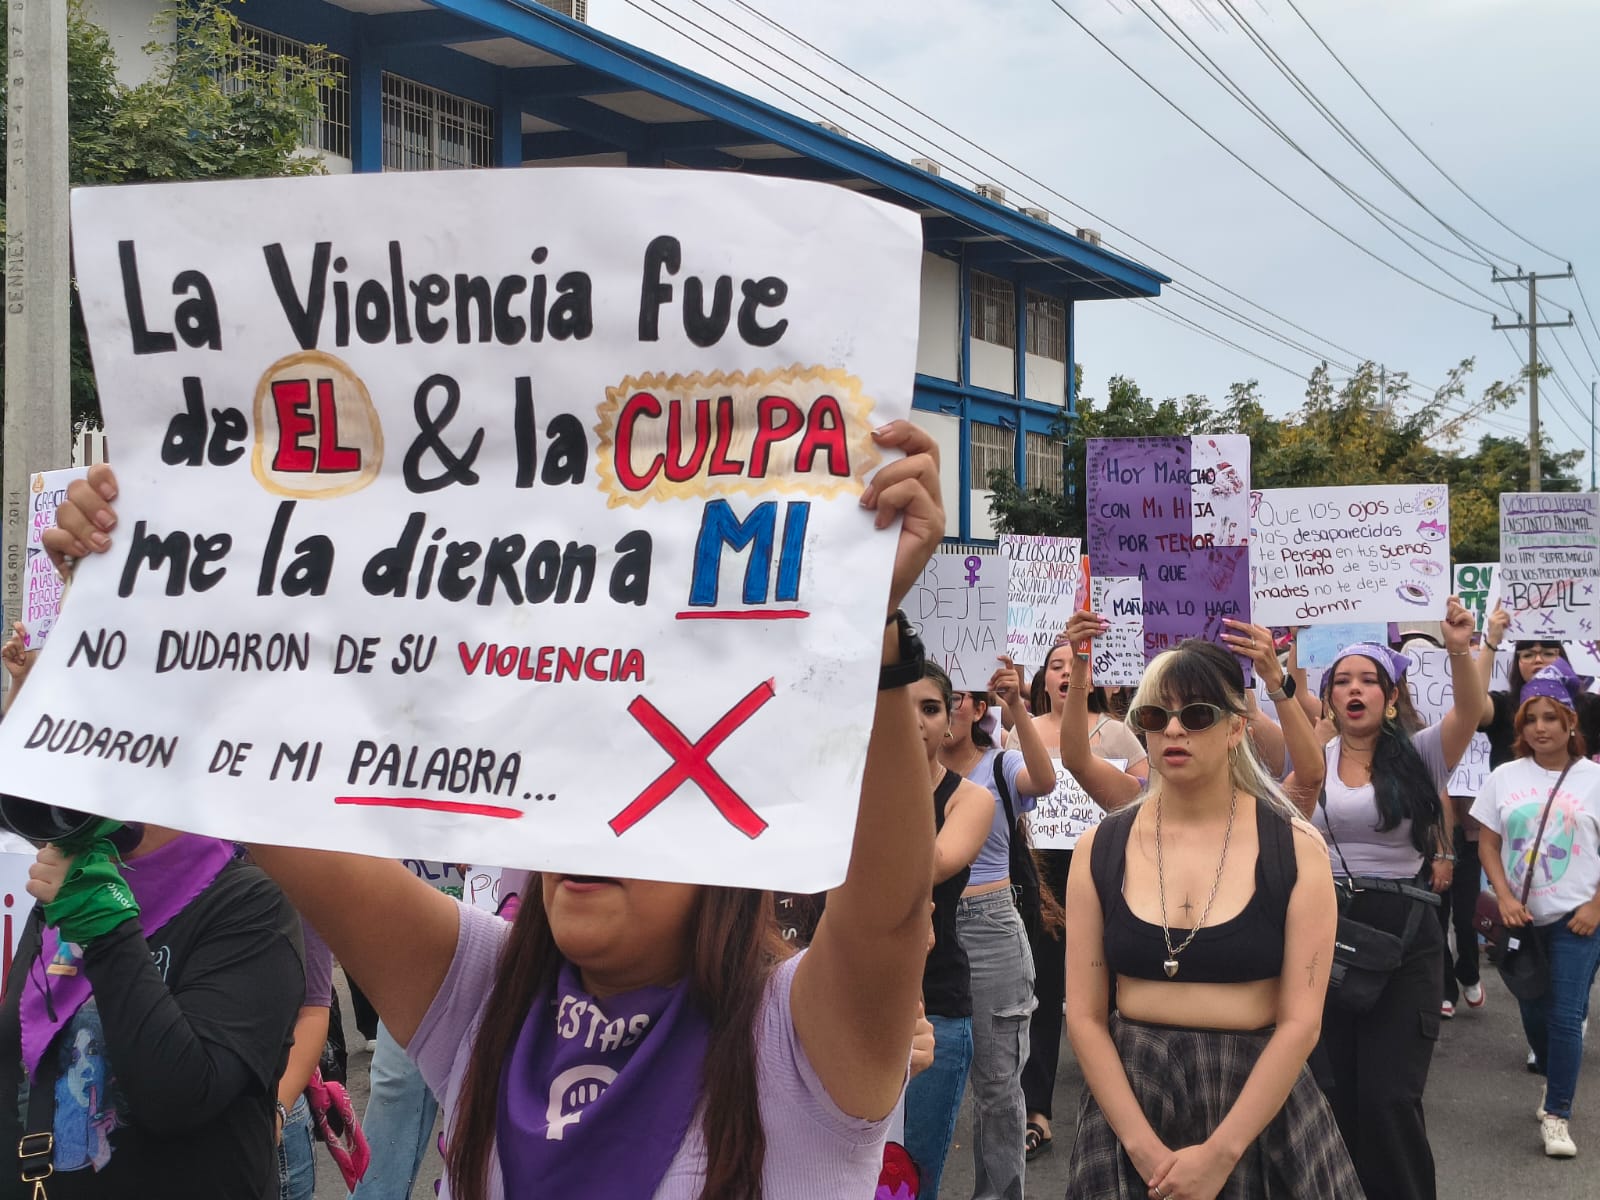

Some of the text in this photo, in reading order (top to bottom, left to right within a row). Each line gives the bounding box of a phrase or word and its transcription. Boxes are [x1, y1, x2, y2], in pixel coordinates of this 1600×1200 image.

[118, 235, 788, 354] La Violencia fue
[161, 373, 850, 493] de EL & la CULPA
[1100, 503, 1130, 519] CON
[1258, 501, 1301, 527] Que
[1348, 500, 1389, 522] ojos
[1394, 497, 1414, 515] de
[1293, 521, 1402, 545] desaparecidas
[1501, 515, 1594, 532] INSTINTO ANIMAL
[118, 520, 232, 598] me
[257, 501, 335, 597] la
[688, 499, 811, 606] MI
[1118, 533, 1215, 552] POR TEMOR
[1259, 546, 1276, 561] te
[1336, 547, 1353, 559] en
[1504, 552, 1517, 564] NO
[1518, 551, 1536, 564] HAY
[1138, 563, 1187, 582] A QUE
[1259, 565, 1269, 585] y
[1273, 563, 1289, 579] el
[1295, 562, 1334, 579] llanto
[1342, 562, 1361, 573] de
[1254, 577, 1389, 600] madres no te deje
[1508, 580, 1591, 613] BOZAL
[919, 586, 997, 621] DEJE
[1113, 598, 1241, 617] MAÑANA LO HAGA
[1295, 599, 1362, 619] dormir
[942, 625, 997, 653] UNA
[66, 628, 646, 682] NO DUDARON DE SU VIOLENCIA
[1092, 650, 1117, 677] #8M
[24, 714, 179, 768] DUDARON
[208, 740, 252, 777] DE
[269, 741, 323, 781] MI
==
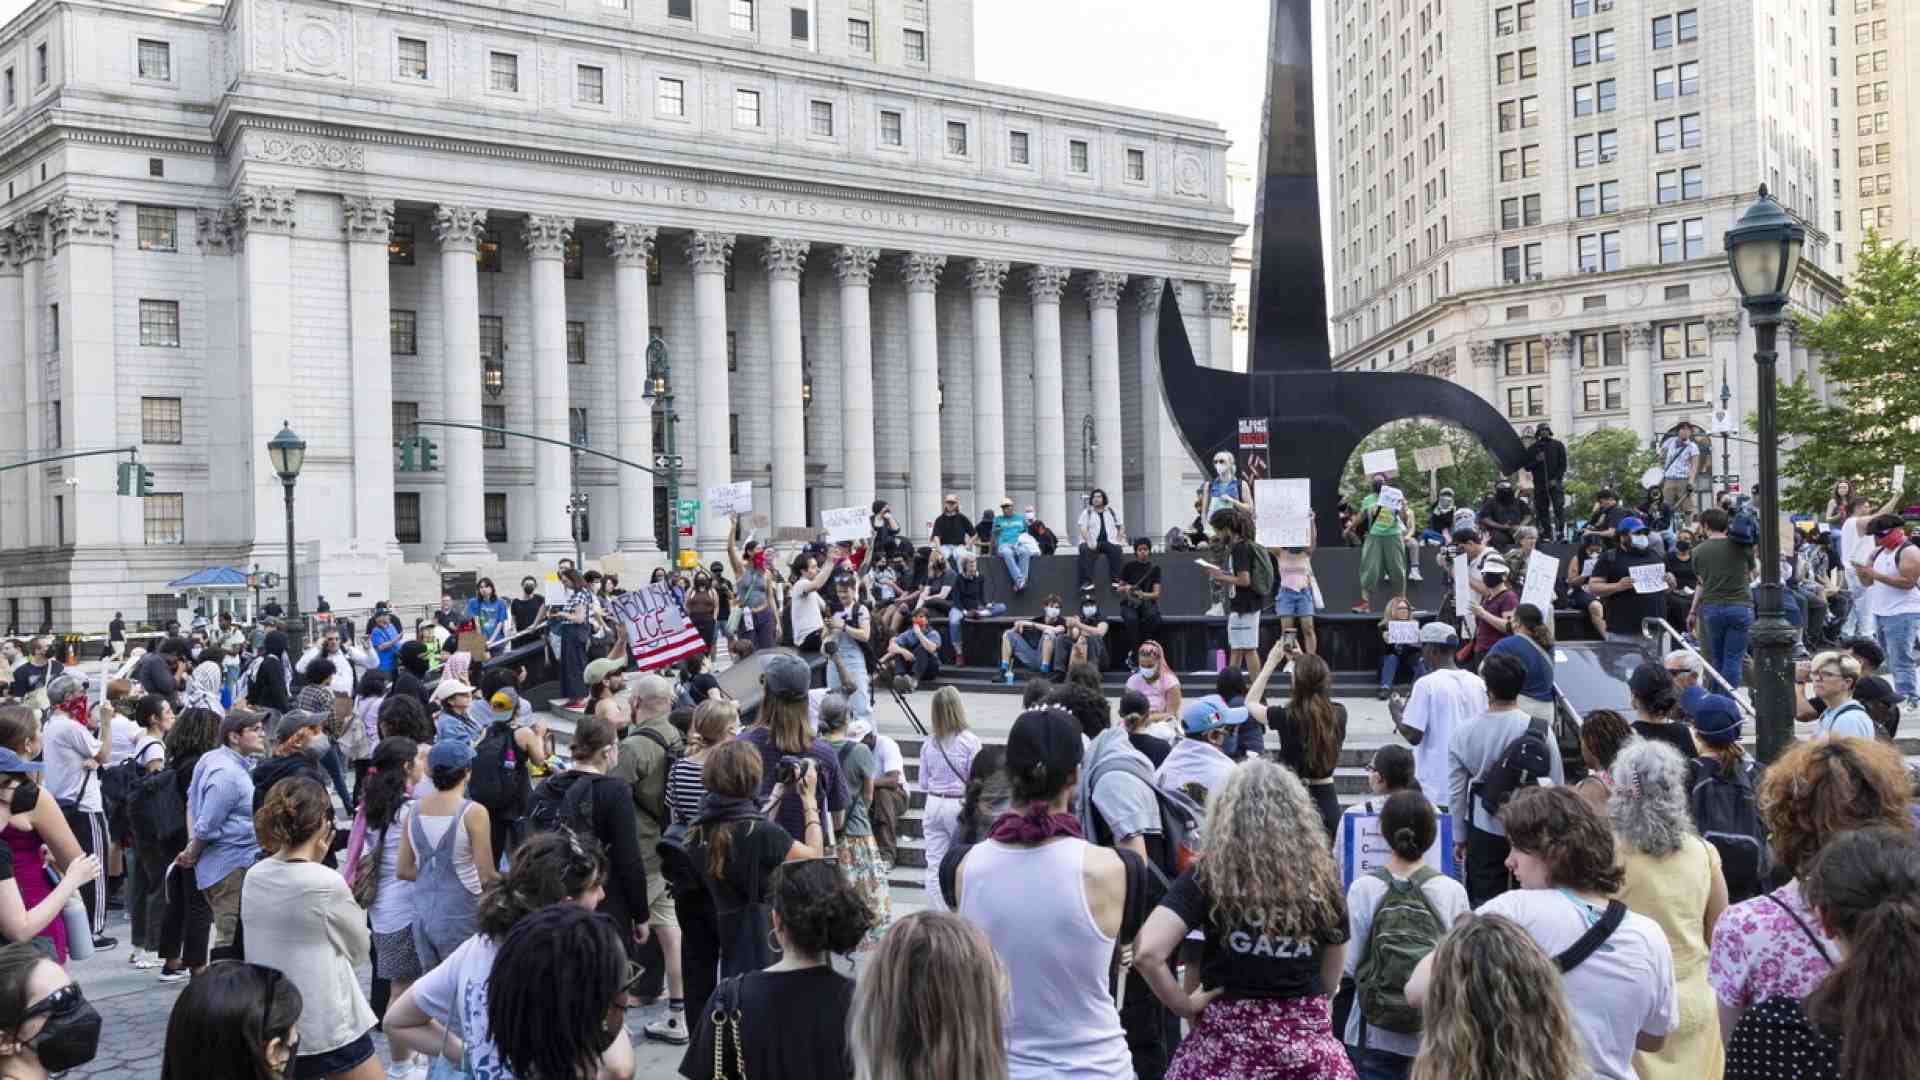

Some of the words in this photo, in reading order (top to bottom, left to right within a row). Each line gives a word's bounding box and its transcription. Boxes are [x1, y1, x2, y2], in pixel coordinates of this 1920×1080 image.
--
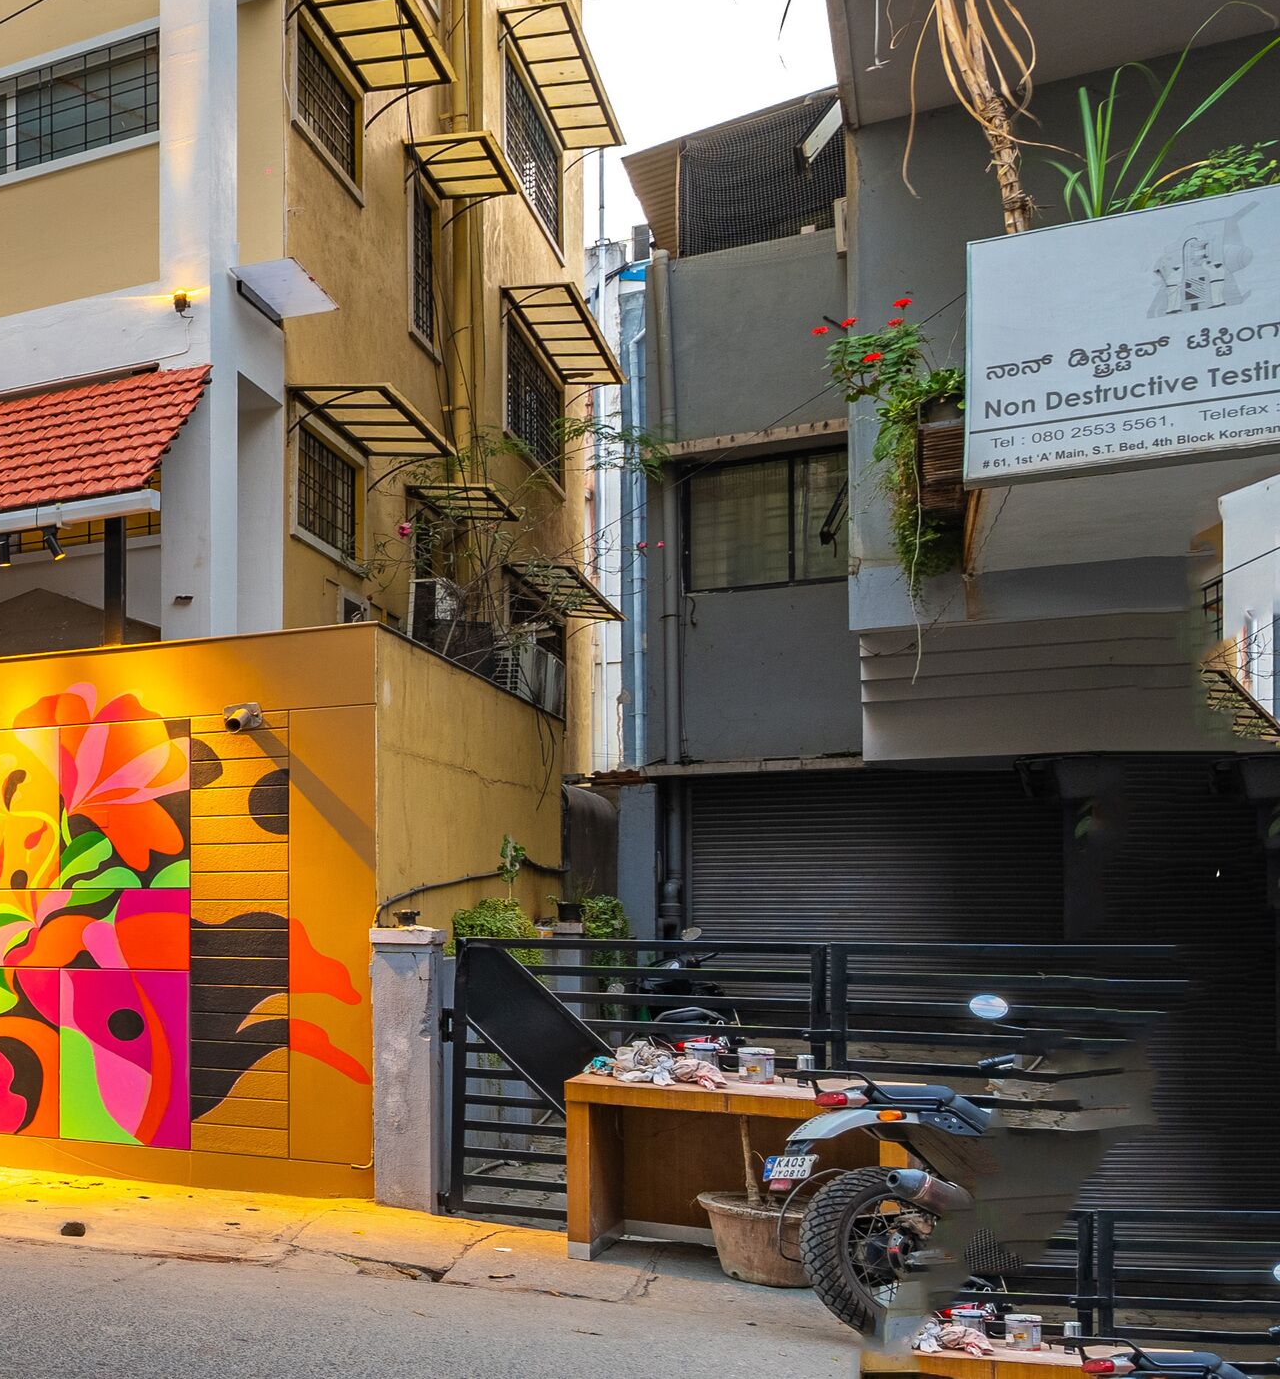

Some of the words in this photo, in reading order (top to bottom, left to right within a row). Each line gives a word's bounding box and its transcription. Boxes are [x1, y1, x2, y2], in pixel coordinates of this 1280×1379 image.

# Directions
Take from the material above every line that includes the word "words".

# Response
Some of the words in this photo, in reading order (top to bottom, left to right within a row). Each line gives a word's bounding box and its transcription. Boxes are [x1, y1, x2, y2], in pixel coordinates of this 1920×1080 image.
Some of the words in this photo, in reading order (top to bottom, left to right within a row). Each line gives a word's bounding box and its transcription. Boxes are [x1, y1, x2, y2], in pixel coordinates of this 1280×1379 image.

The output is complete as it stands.